Question mark over Office of CGES, emergency regulations

By Shamindra Ferdinando

Following the abolition of price control on rice and paddy, the government is expected to review its controversial decision to establish the Office of Commissioner General of Essential Services (CGES) to ensure an uninterrupted supply of paddy, rice, sugar and other essential goods.

Authoritative sources said that a decision taken by Cabinet of ministers on Monday (27) to rescind the relevant gazette underlined the urgent need to examine the government’s overall response to shortage of essential items.

Responding to The Island queries, sources explained that the government backed the appointment of a serving officer, Maj.

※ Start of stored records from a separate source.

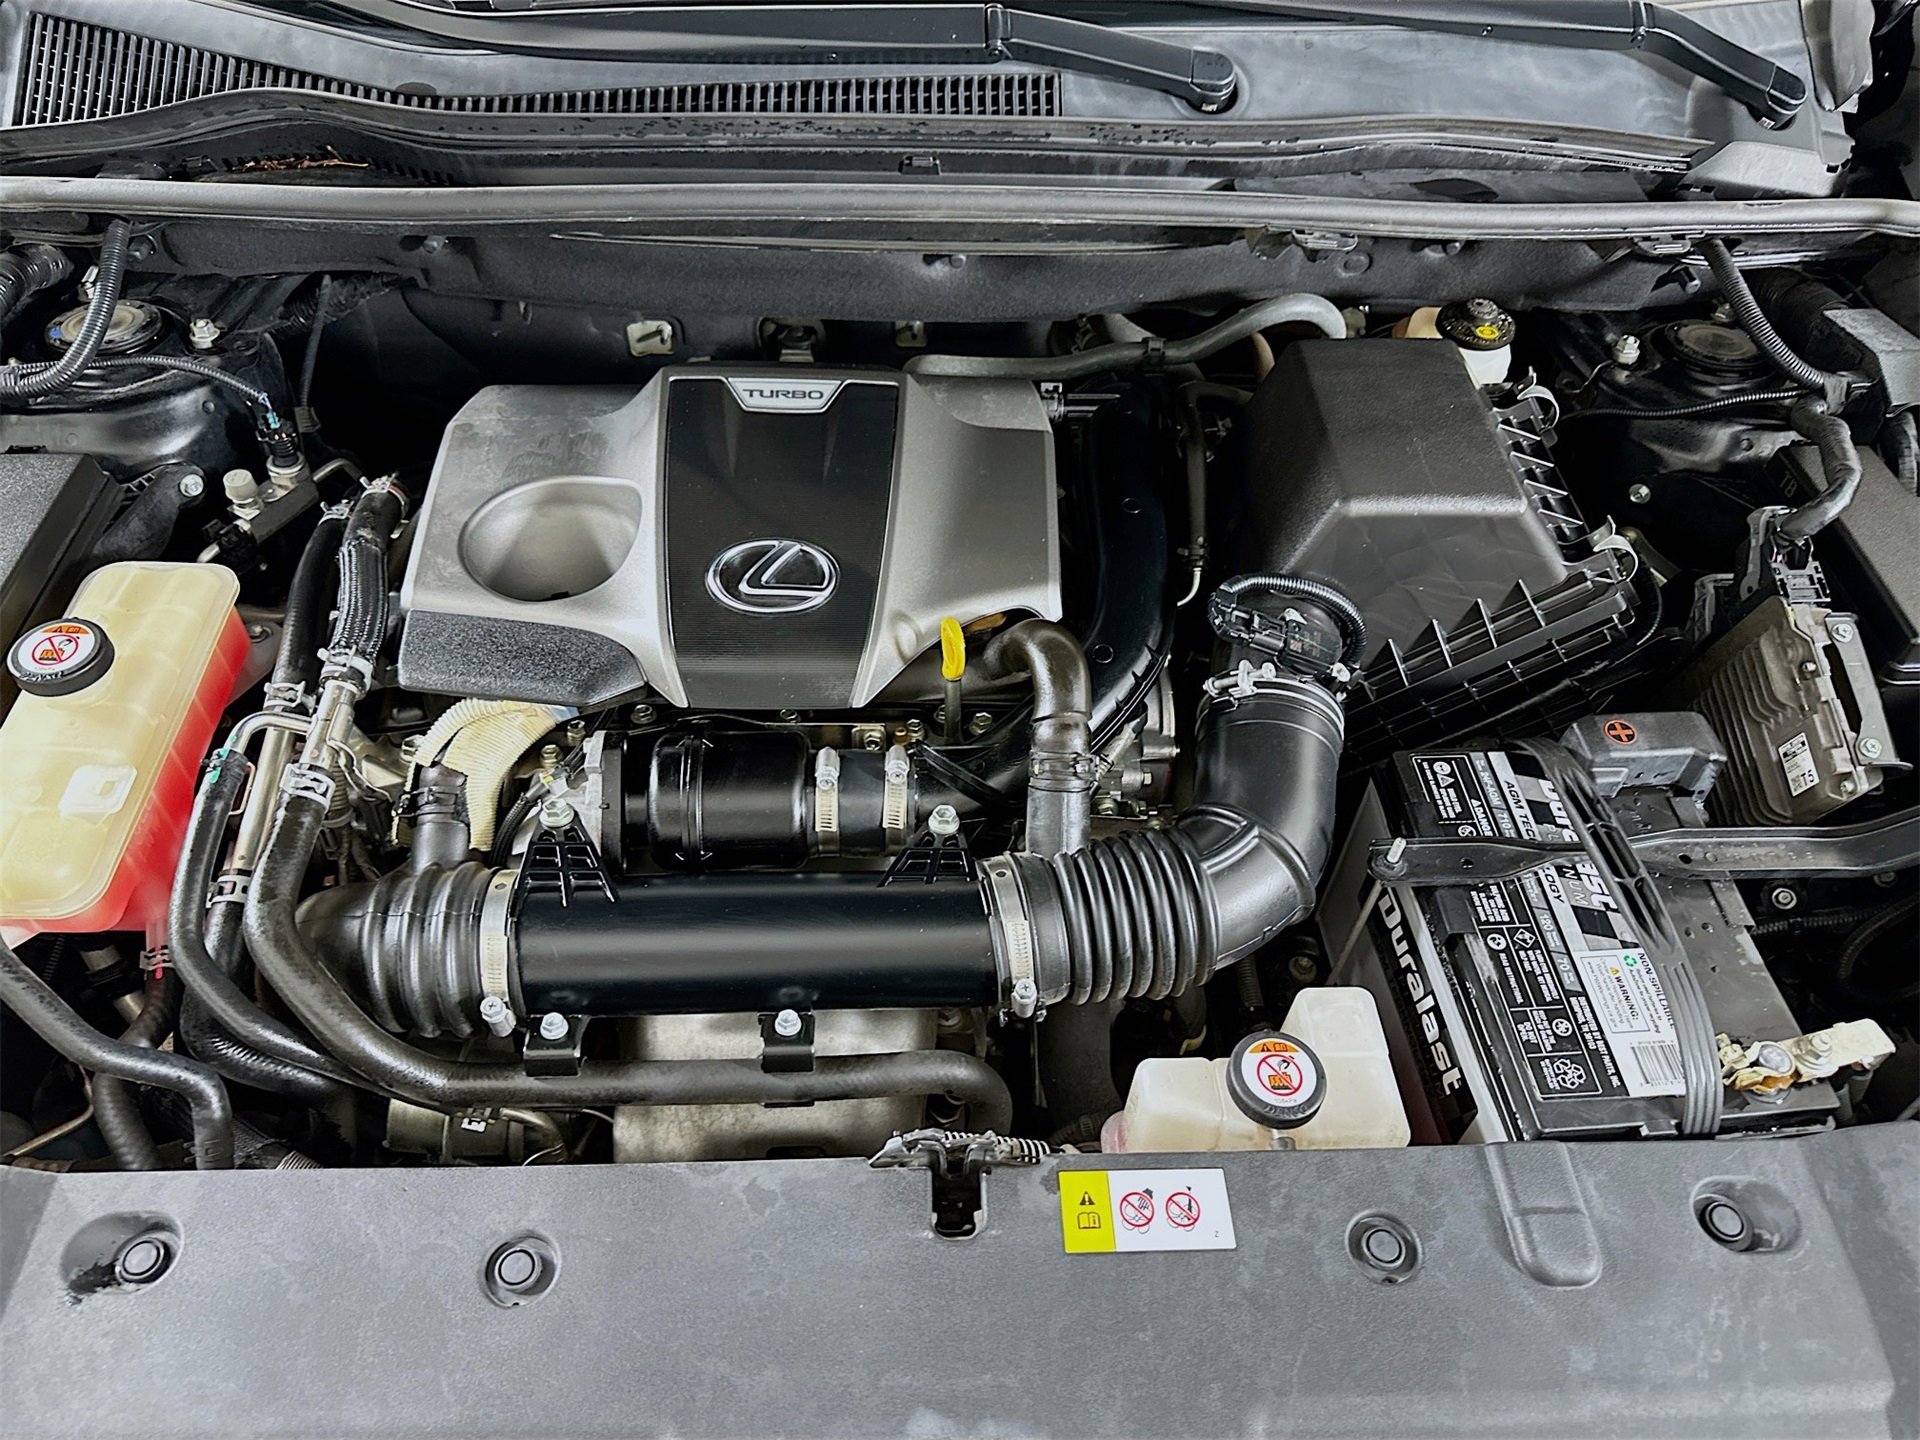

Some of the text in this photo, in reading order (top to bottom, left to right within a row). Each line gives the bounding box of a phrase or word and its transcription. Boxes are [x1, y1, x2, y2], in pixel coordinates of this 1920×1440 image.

[742, 388, 824, 400] TURBO
[1474, 807, 1492, 836] DANGE
[1497, 813, 1511, 828] 710
[1504, 780, 1524, 809] AGM
[1518, 814, 1564, 903] TECOGY
[1538, 779, 1613, 908] Duraast
[1542, 824, 1589, 904] PLNUM
[1539, 915, 1553, 930] 120
[1557, 958, 1570, 970] 70
[1378, 894, 1463, 1096] Duralast
[1615, 976, 1638, 1019] WARNING:
[1578, 996, 1597, 1030] DISTRIBUTED
[1595, 1040, 1608, 1054] BEST
[1602, 1055, 1615, 1074] PARTS,

Gen. M.D.S.P. Niwunhella as the CGES with the declaration of emergency regulations. President Gotabaya Rajapaksa made the declaration effective Aug, 31, 2021 in terms of the Section 2 of the Public Security Ordinance as per the Section 5 that dealt with essential food supply. Maj. Gen. Niwunhella of the Gajaba Regiment is the incumbent head of President Gotabaya Rajapaksa’s security contingent.

Sources emphasised that the abolition of price controls on wholesale and retail sale of rice as well as purchase of paddy should be examined against the backdrop of declaration of emergency regulations and specific measures such as the appointment of CGES to tackle hoarding, price manipulation and a range of other irregularities.

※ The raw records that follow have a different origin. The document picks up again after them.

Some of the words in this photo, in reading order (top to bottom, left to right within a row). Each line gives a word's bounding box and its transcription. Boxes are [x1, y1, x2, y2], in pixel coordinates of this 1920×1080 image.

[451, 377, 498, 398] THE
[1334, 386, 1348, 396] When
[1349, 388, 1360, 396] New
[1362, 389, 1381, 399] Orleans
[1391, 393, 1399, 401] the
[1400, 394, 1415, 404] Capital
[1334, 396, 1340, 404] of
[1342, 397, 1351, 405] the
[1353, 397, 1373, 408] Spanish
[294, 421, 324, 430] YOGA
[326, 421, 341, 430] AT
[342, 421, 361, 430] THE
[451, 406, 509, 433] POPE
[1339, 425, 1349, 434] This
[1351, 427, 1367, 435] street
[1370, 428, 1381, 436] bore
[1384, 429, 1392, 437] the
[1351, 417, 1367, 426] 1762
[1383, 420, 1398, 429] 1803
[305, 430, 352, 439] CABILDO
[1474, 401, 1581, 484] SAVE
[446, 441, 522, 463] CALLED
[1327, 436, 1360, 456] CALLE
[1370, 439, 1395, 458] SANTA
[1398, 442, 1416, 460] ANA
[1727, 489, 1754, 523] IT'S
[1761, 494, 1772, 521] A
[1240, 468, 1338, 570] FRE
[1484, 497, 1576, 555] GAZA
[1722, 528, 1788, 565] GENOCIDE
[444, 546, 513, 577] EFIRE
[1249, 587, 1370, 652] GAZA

In the absence of President Gotabaya Rajapaksa, who is away in the US, Prime Minister Mahinda Rajapaksa has chaired Monday’s meeting. The Island learns that proper consultations hadn’t taken place before the government made a U turn on traders Mafia.

Sources said that President Gotabaya Rajapaksa moved to reign in the group of powerful millers in the wake of the collapse of agreement between the government and the businessmen. Trade Minister Bandula Gunawardane and Agriculture Minister Mahindananda Aluthgamage on July 21, 2021 reached agreement with millers for the latter to buy paddy at what they called government guaranteed price.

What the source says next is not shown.